His film is called The Disappeared. It documents one heartrending practice during the so-called "dirty war" between 1976 and 1983, when Argentina was ruled by a military junta.  After a left-wing terrorist campaign of assassination of government officials and military leaders, a group of generals and admirals overthrew the civilian government and kidnapped, tortured and murdered as many as 30,000 labor leaders, political activists and university students. Many simply "disappeared" into unmarked graves, or more gruesomely, were drugged and thrown out of military planes into the South Atlantic.
     
While living in Buenos Aires, Sanders became interested in  what had happened to the children of some of the "disappeared" students. He focused on Horacio Pietragalla, a young man in his twenties who was raised by the maid of a police official.  Sanders documents how Horacio became suspicious about his true parentage and eventually – through DNA evidence – learned that his birth parents had been arrested and murdered shortly after he was born, and that the police official who took him had probably been one of the torturers.
 
With a deft camera and smooth one-on-one style, Sanders wove together historical footage of the urban uprising and the torture chambers, as well as interviews with the maid, Horacio’s surviving families, journalists, and a group of mothers who launched a public protest about their lost children.

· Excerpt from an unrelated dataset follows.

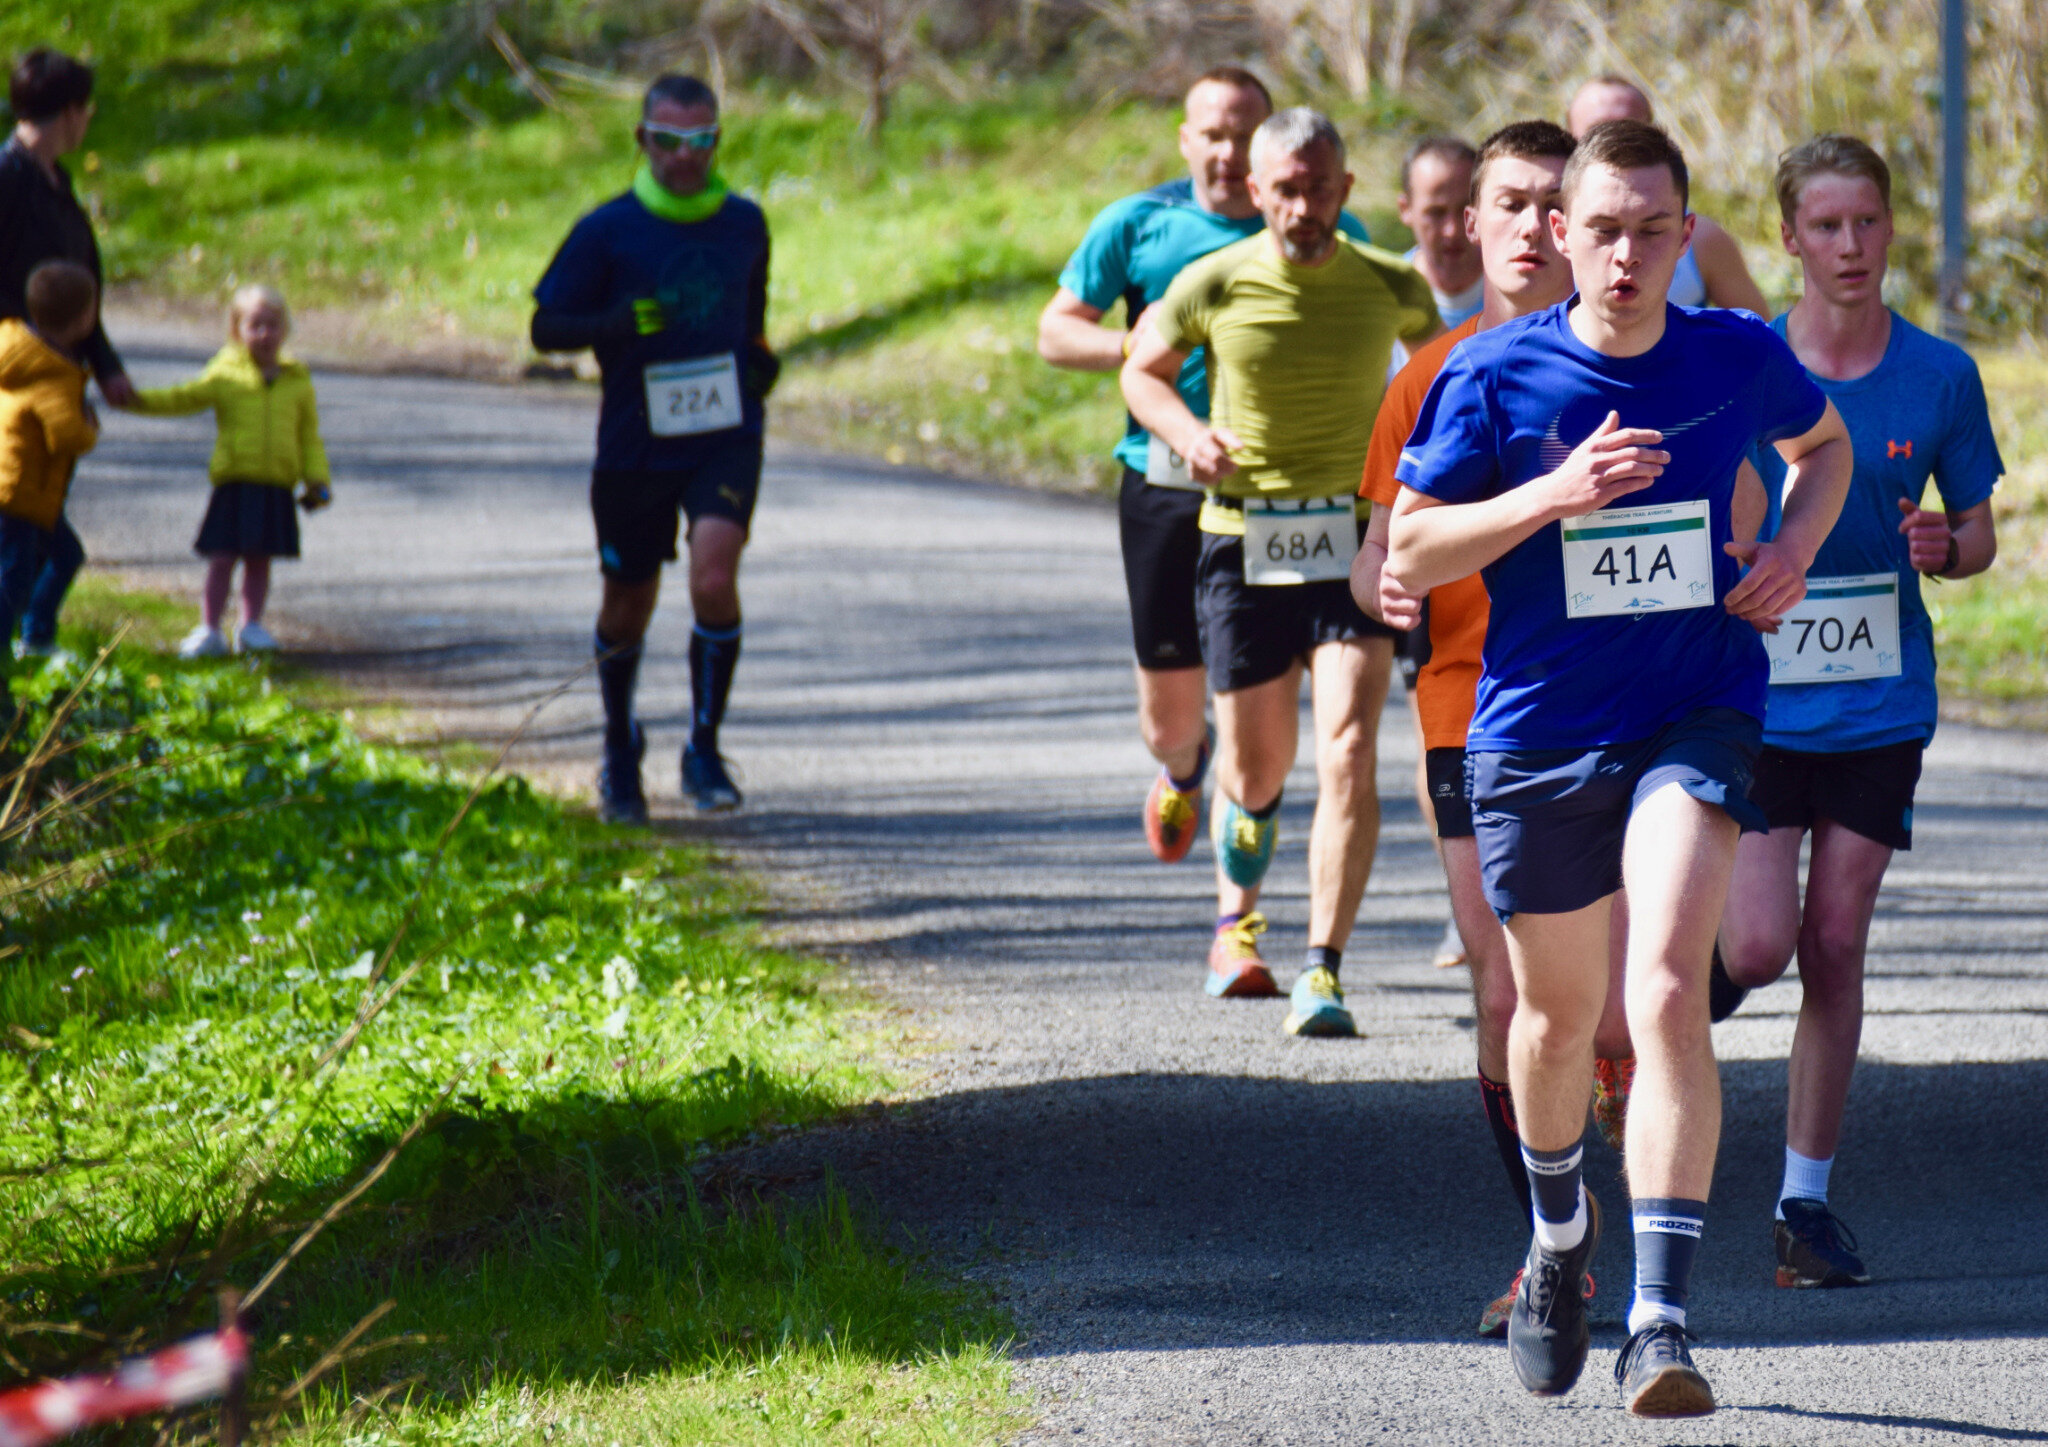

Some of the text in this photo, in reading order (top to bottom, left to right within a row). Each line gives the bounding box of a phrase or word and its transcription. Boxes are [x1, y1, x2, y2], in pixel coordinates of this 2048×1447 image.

He even questioned some unrepentant military and police officers.  
      
When I was in Argentina in April, I talked to a woman who had been a university student in Buenos Aires during this period.  As soon as I asked her about the "dirty war," the words poured out of her.  
   
"We didn’t know, but we should have!  We were so isolated in those days.  We went to Catholic schools, not to the public university.  We worked in the slums doing good work, we thought. Politics was for someone else. We believed the government papers when they said the biggest threats were from the urban guerillas. We only saw the dead bodies of government officials who’d been killed.  It wasn’t until friends came from Europe and said the newspapers there were full stories about the disappeared – that we began to doubt."
     
I told her about Senator Leahy’s truth commission proposal and the opposition to it from both left and right.     

"Maybe you should put some of those officials on trial!" she said.

I replied that I thought Leahy would be delighted just to get the Truth Commission approved.

She thought for a moment. "Well," she said, "it’s important for a country to do some soul-searching after events like this. You’ll just have to decide best how to proceed."